It Doesn't Matter

"So…Annabel. She's cute."

"Hn," Owen grunted, more focused on driving than anything else.

"Like, are you guys together or-"

"We're friends. I told you that."

"No," Rolly said slowly, leaning back in the seat. "You told me that you were talking to some girl at lunch about the radio show. That's a lot different than inviting her to breakfast with us. And she rides in your Land Cruiser like it's nothing! I saw her, that day up at the studio. Remember?"

Owen nodded slightly. "What? You jealous?"

"Oh yeah, sure. Real jealous."

"Then why do you care, Rolly?" Owen glanced at him before reaching forward and turning up his stereo slightly. "Huh?"

"I want to know if my friend's getting the hook up or not. Why are you questioning me?"

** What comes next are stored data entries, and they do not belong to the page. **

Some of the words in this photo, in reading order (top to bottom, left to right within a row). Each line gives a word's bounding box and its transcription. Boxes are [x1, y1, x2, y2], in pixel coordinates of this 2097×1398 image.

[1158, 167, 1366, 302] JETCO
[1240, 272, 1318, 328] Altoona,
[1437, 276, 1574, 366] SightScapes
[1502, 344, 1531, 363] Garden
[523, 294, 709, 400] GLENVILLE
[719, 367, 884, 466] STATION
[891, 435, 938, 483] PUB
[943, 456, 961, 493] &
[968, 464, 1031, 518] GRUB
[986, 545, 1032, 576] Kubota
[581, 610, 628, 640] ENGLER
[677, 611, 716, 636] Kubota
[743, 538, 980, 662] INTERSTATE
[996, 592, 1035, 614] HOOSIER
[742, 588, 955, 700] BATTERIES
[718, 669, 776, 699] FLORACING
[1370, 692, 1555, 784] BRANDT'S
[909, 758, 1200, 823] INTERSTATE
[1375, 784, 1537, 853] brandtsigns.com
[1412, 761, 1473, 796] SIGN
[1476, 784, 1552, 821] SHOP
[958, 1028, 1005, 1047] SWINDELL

"We're not…hooking up. God. We're friends."

"Friends," Rolly said slowly. "You guys are friends."

"Completely platonic."

"So you wouldn't care if I, like, asked her out or whatever?"

That changed things. Completely. Frowning slightly, Owen gripped the steering wheel. "What about the girl you like? The one that punched you or whatever?"

"What about her?"

"Aren't you, like, waiting for her?"

"Ha!" Rolly shook his head at his friend's naivety. "If I see her again, yeah, I'm gonna ask her out. Until then though, it's not like I'm with someone. I can date. And Annabel is hot. If you're not going to-"

"You can't ask her out."

"So you do like her," Rolly ribbed. "Don't you?"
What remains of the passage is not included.